2. What NASA confirmed instead: an eclipse and predictable tidal forces
In addressing the viral posts, NASA pointed reporters to real, well‑known celestial events — for example, confirming that an August solar eclipse will occur and is predictable decades in advance — and emphasizing that solar and lunar tidal effects are well understood and do not alter Earth’s total gravity as claimed in the rumor [1] [5]. Those clarifications were used by outlets to contrast credible, documented phenomena with the sensational claims circulating online [1].

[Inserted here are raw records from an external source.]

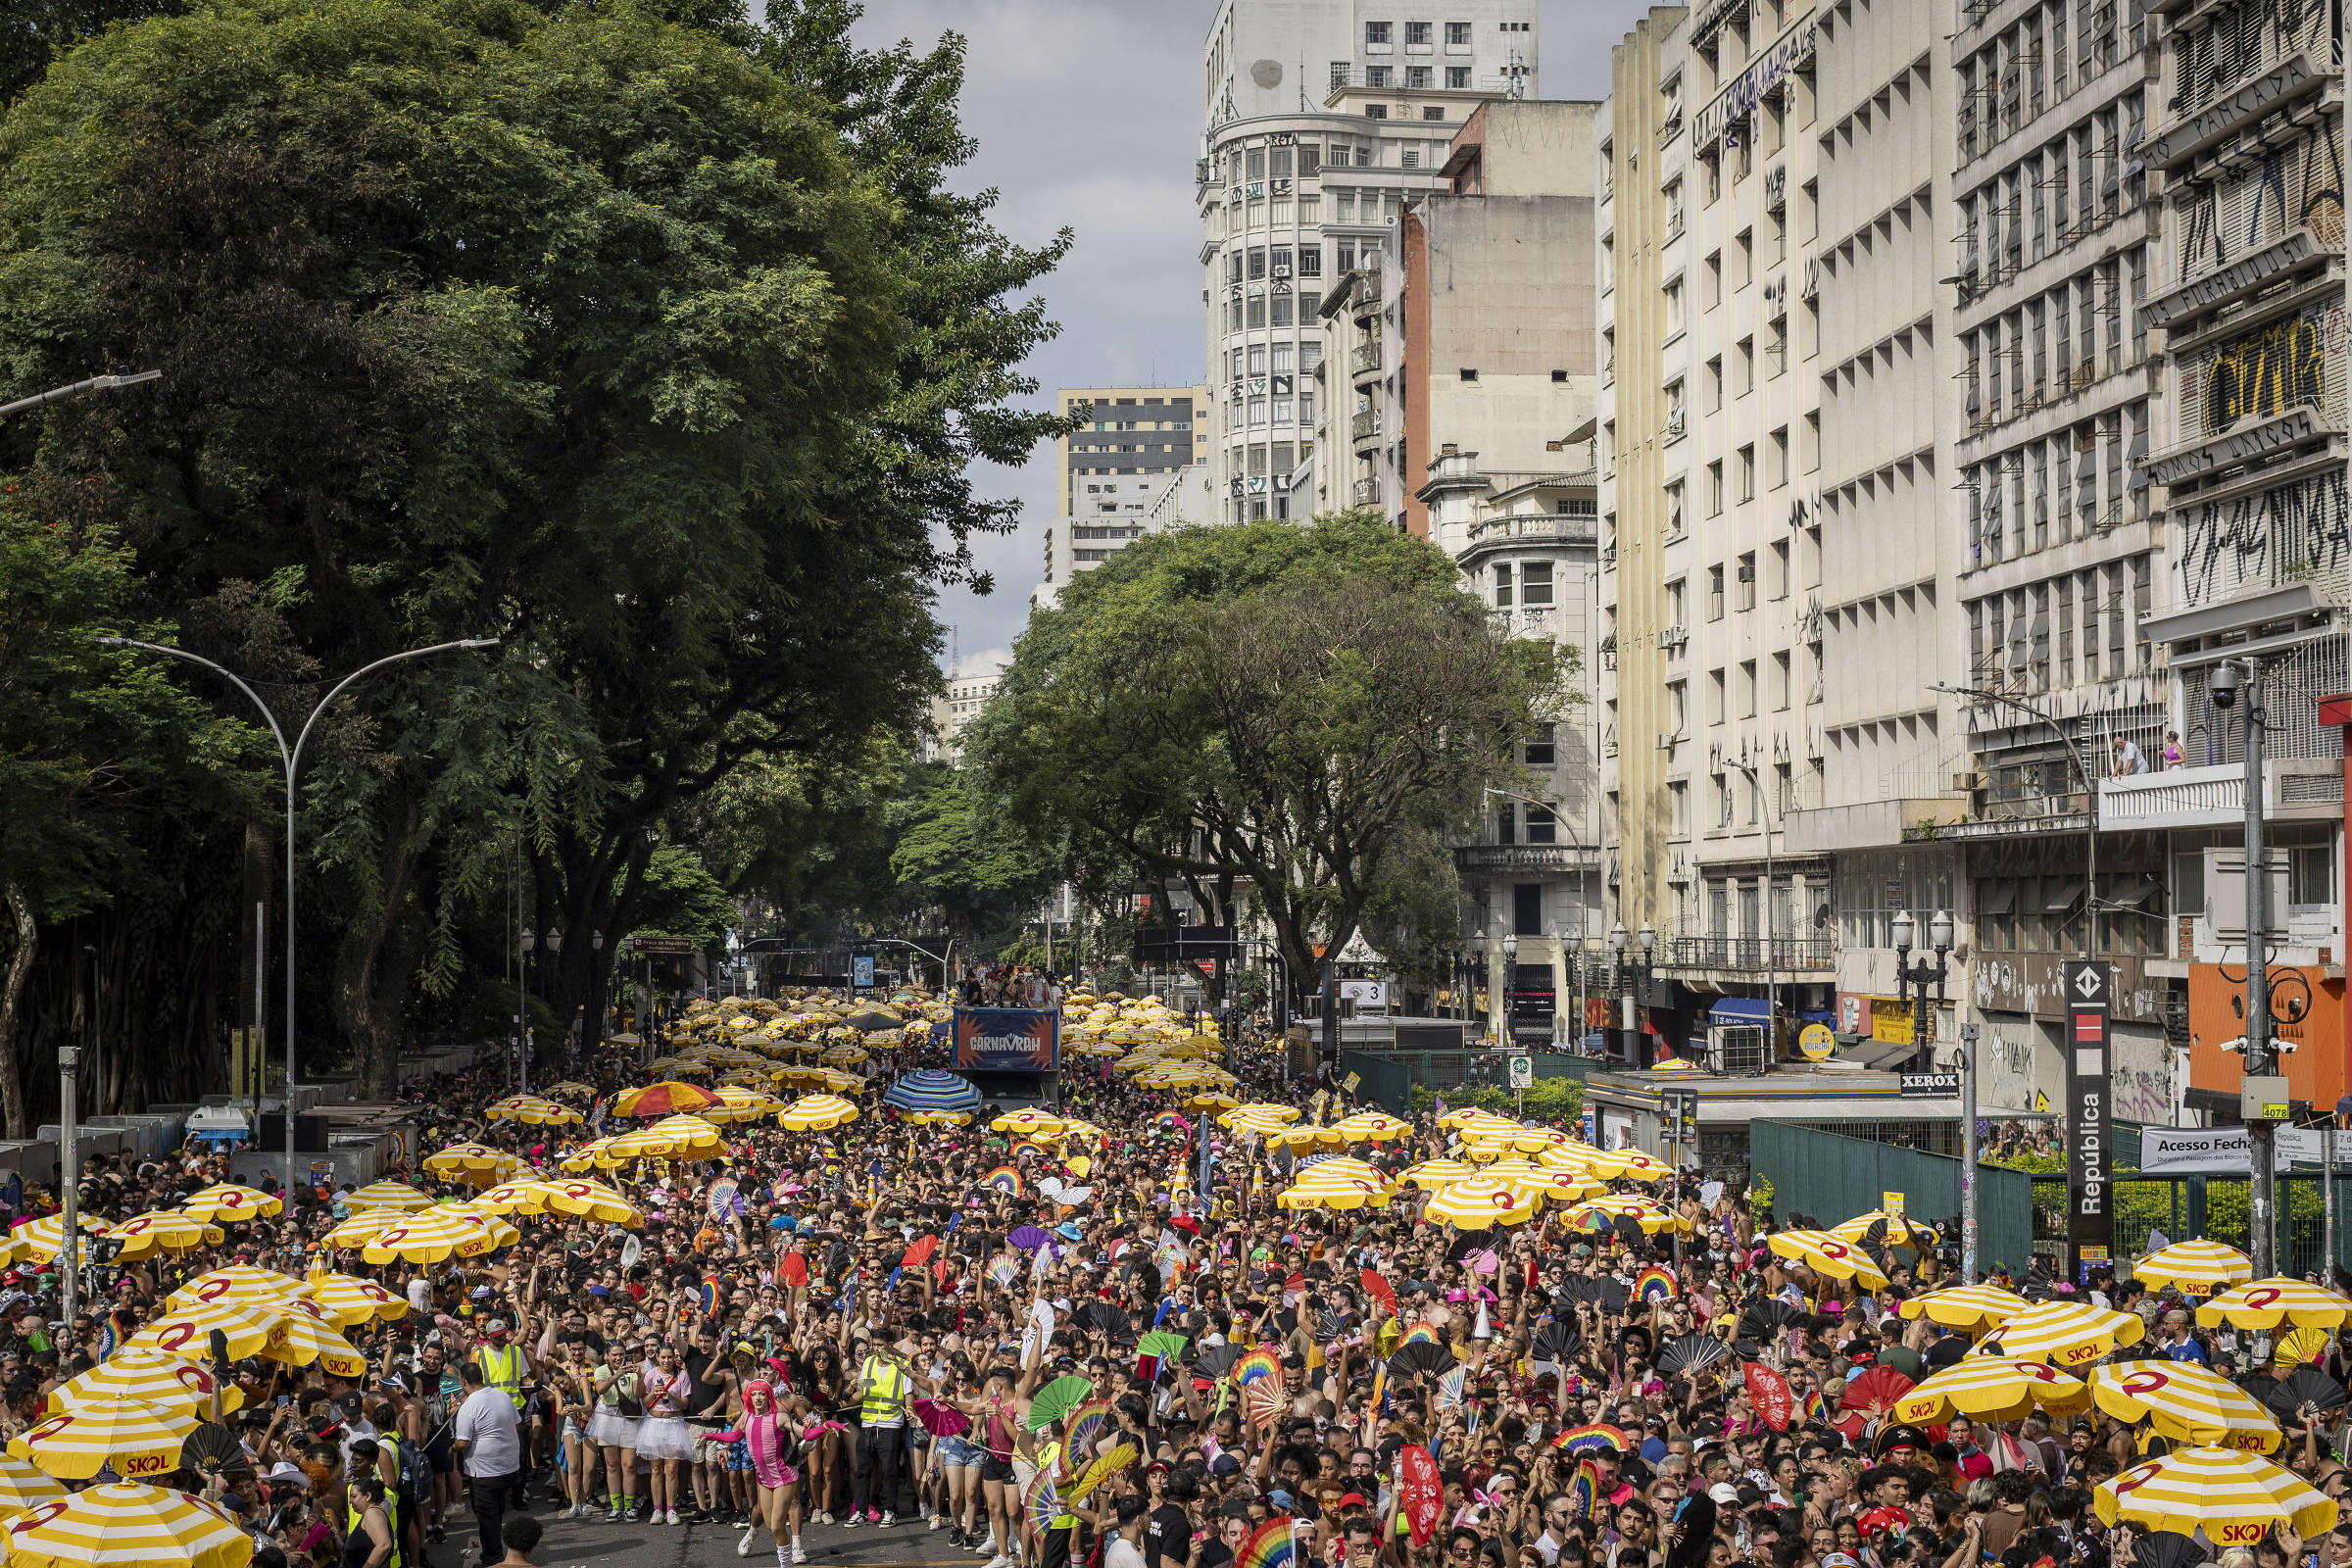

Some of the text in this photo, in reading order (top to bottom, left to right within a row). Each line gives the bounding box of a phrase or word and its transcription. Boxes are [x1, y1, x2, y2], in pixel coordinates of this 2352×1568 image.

[1370, 986, 1379, 1000] 3
[969, 1035, 1041, 1052] CARNAVRAH
[1901, 1074, 1957, 1087] XEROX
[815, 1120, 833, 1129] SKOL
[649, 1145, 666, 1153] SKOL
[2158, 1140, 2210, 1152] Acesso
[2081, 1092, 2101, 1215] República
[1431, 1212, 1445, 1223] SKOL
[463, 1241, 485, 1255] SKOL
[30, 1250, 46, 1262] KOL
[2184, 1283, 2211, 1295] SKO
[272, 1326, 287, 1343] SKOL
[2067, 1343, 2102, 1363] SKOL
[328, 1359, 354, 1374] SKOL
[1908, 1400, 1936, 1419] SKOL
[2237, 1435, 2267, 1451] SKOL
[126, 1454, 170, 1474] SKOL

3. Absence of a public or classified “Project Anchor” in official records
Multiple fact‑checks and reporting efforts found no trace of a contemporary NASA program named Project Anchor in public filings, budget documents, TechPort entries, congressional disclosures, or reputable news archives, and NASA officials confirmed there is no such program publicly known to the agency [4] [2] [6]. TechPort — NASA’s technology portfolio database — and other agency resources were cited as places one would expect to find a legitimate, funded program, yet searches turned up no matching project in current portfolios [4] [6].

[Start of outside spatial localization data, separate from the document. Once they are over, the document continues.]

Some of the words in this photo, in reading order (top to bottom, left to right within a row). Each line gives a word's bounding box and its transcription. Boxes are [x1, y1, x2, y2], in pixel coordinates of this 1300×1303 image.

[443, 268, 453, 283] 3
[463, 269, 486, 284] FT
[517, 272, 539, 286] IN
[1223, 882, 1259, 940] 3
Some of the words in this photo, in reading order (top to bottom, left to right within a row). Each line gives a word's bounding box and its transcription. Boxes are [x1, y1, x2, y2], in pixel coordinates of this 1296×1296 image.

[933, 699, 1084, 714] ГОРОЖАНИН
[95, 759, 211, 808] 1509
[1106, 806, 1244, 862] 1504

4. Historical uses of the word “anchor” in NASA research (context, not corroboration)
The archival NASA Technical Reports Server includes older technical work on anchors for lunar and planetary applications — for example, a 1995 report on prototype anchor designs and emplacement systems for lunar simulant soils — which shows the term “anchor” appears in legitimate technical literature but is unrelated to the viral modern claim [3]. That historical usage explains why the word might surface in documents or searches, but the presence of past anchor‑technology research does not constitute evidence of a present-day classified program preparing for a gravity blackout [3].
5. Alternative viewpoints, misinformation dynamics and institutional agendas
Independent fact‑checkers and outlets (Snopes, The Economic Times, BreezyScroll, Vice, NewsNation) uniformly treated the claim as misinformation, citing NASA’s denials and the absence of corroborating records while warning about virality on platforms like TikTok where the claim originated [7] [2] [6] [8] [5]. Some commentators framed the phenomenon as part of a broader information‑disruption problem — where authoritative sounding details (dates, dollar figures, technical language) are used to manufacture credibility — and noted that such narratives can reflect hidden agendas like driving engagement, sowing fear, or monetizing clicks rather than conveying verifiable science [9].

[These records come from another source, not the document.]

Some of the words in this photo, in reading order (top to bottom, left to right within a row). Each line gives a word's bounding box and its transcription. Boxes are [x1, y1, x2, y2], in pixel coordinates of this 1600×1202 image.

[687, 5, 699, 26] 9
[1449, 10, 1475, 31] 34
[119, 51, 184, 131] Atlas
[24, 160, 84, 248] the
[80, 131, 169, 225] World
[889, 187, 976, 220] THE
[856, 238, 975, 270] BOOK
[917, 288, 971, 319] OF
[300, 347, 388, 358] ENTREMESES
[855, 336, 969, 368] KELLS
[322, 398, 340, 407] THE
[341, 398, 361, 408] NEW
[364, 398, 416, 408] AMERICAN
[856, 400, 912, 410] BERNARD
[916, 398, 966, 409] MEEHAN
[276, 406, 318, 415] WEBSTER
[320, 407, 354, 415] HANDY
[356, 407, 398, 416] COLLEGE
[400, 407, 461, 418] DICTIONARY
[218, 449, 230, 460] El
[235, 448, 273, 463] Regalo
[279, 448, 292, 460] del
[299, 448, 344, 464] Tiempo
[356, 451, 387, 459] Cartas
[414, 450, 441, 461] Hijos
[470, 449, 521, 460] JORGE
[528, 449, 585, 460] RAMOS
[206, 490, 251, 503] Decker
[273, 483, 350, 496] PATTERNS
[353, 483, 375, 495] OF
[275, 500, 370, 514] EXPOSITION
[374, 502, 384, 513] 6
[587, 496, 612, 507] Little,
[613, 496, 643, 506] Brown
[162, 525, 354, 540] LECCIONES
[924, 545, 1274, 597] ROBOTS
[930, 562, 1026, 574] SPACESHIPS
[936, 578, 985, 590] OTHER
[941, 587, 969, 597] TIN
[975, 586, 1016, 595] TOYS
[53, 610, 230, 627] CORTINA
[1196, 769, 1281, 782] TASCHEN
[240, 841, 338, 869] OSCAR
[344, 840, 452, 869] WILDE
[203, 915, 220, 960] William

Conclusion: what the official record shows and where uncertainty remains
The official record, as published and quoted by multiple reputable outlets, is clear: NASA has denied the Project Anchor/gravity‑loss claims and there is no public evidence of a current NASA program by that name or any physics‑based mechanism for a seven‑second global loss of gravity [1] [2] [6]. The only related “anchor” material in NASA archives is historical technical research on lunar anchors, which does not substantiate the viral narrative [3]. Reporting has been consistent across fact‑checkers and mainstream media, but if further official NASA statements or documents appear, those would be the necessary sources to revisit any outstanding questions — current public records offer no support for the Project Anchor claims [4] [2].